Abstract

In preeclampsia, underperfusion of the uteroplacental circulation and placental ischemia combine to damage the placenta. This in turn is thought to cause widespread endothelial cell damage and also an imbalance in eicosanoids, the vasodilator prostacyclin, and the vasoconstrictor thromboxane A2. Although low-dose acetylsalicylic acid (ASA) restores the balance in favor of prostacyclin, the clinical results of administering ASA remain uncertain. The present longitudinal study sought to find whether the prostanoids have a pathophysiological role in pregnancy-induced hypertension (PIH) and intrauterine growth restriction (IUGR). In addition, ASA was given in a daily dose of 0.5 mg/kg. Participants were 90 women at risk of preeclampsia or IUGR who had bilateral notching in the uterine arteries when screened by Doppler ultrasonography at 12 to 14 weeks gestation. After assigning these women to ASA or a placebo, 43 women in both groups were followed up throughout pregnancy. Urine samples were taken at baseline and at 24 to 26 weeks and 32 to 34 weeks of gestation, and analyzed for metabolites of thromboxane A2 and prostacyclin.

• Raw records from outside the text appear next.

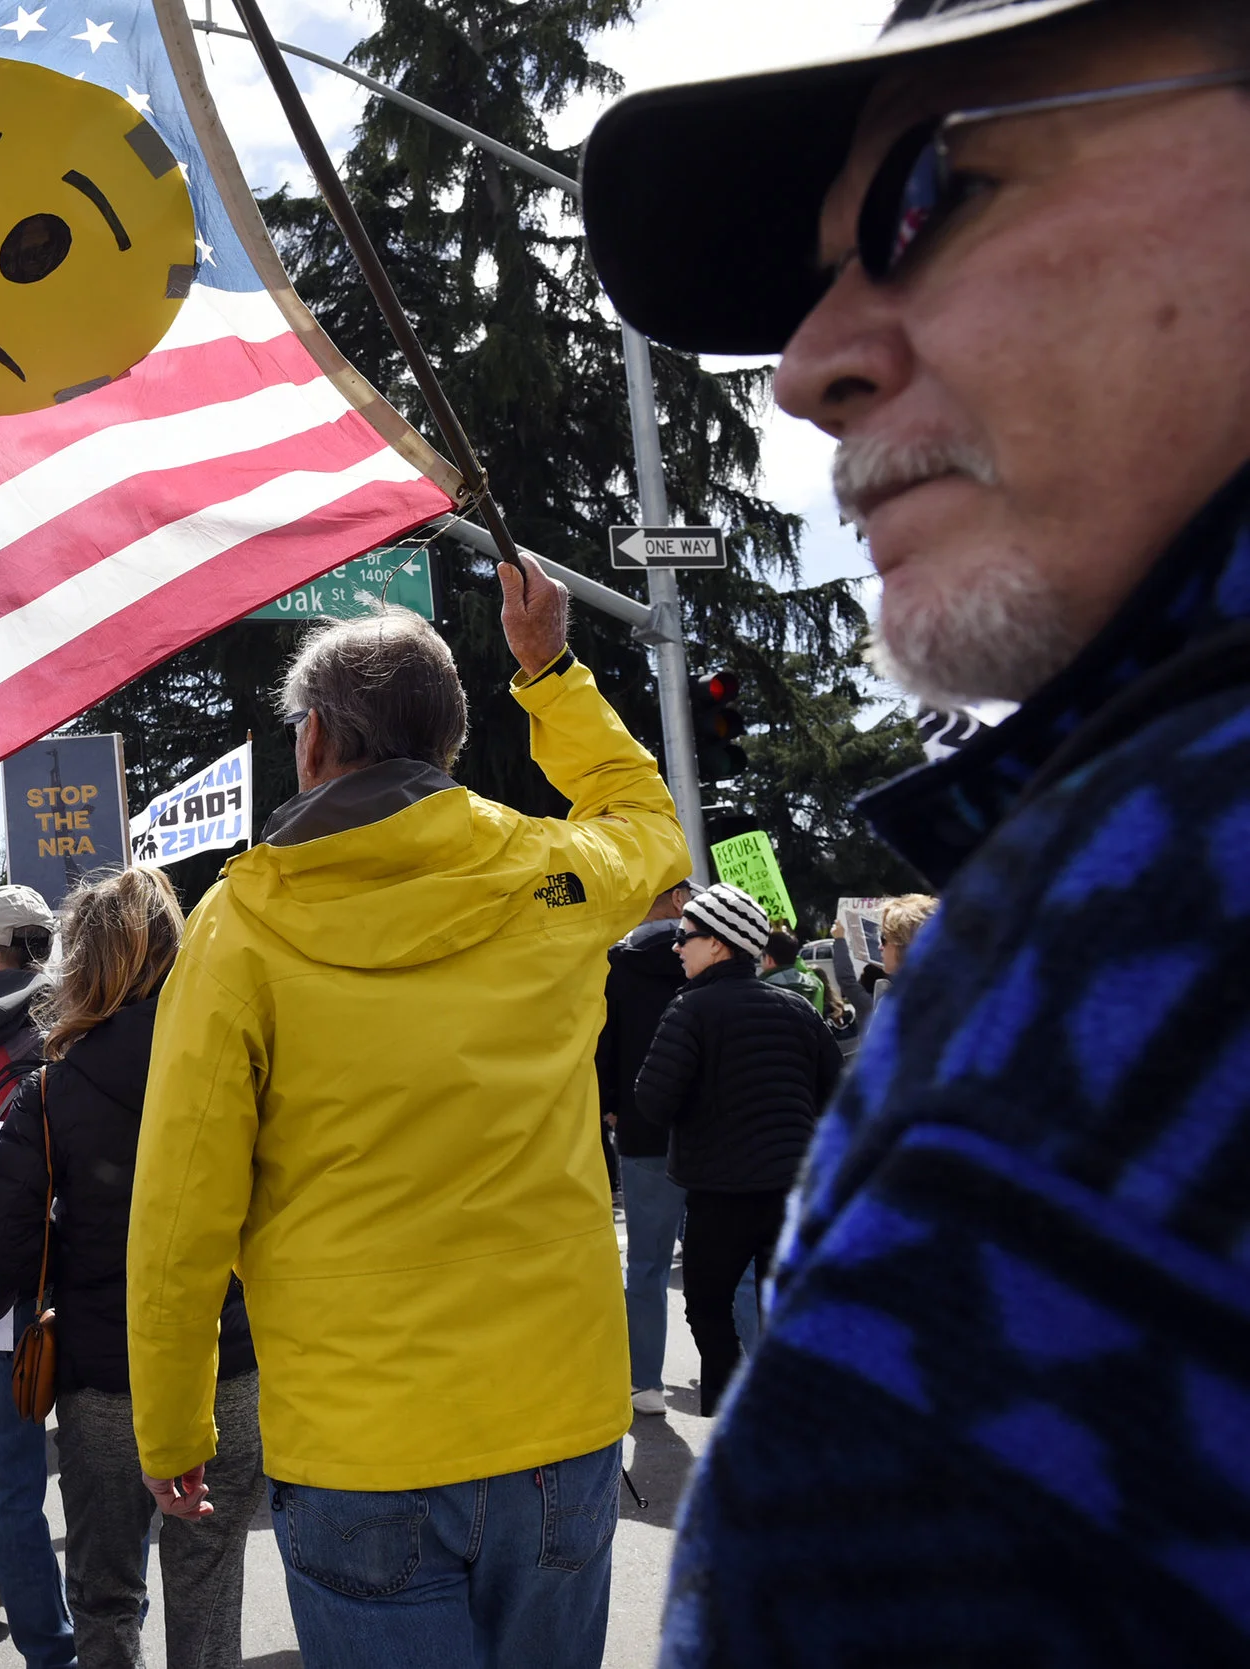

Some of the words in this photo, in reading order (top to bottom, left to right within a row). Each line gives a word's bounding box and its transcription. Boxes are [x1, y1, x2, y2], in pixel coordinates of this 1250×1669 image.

[645, 540, 676, 555] ONE
[680, 540, 711, 555] WAY
[359, 568, 393, 582] 1400
[275, 586, 324, 612] Oak
[332, 588, 346, 601] St
[27, 785, 97, 808] STOP
[35, 810, 91, 832] THE
[37, 835, 97, 857] NRA
[546, 873, 567, 886] THE
[533, 884, 568, 900] NORTH
[546, 895, 571, 908] FACE

ASA treatment significantly prevented PIH, especially before 37 weeks vacation, as well as preeclampsia, regardless of whether bilateral notches persisted. If bilateral notching disappeared by 24 to 26 weeks gestation, ASA-treated women less often had PIH and preeclampsia than did placebo recipients. ASA did not alter outcomes when bilateral notches persisted at 32 to 34 weeks gestation. When notches were absent at this time, ASA-treated women had lower rates of PIH and preeclampsia. When PIH developed before 37 gestational weeks, the ratio of prostacyclin metabolite to thromboxane A2 metabolite did not increase as much as in other pregnancies. In placebo patients with preeclampsia, levels of prostacyclin metabolite were significantly lower than in other pregnancies at 12 to 14 weeks gestation. In placebo recipients, the metabolite ratio did not change in the course of pregnancy and was not influenced by adverse outcomes. Metabolite ratios increased in ASA-treated women whether the outcome was normal or abnormal. These findings suggest that the balance between vasodilating and vasoconstricting prostanoids shifts in an unfavorable manner in pregnant women with PIH. Treatment with ASA may help to restore a normal balance. It is best given beginning early in pregnancy.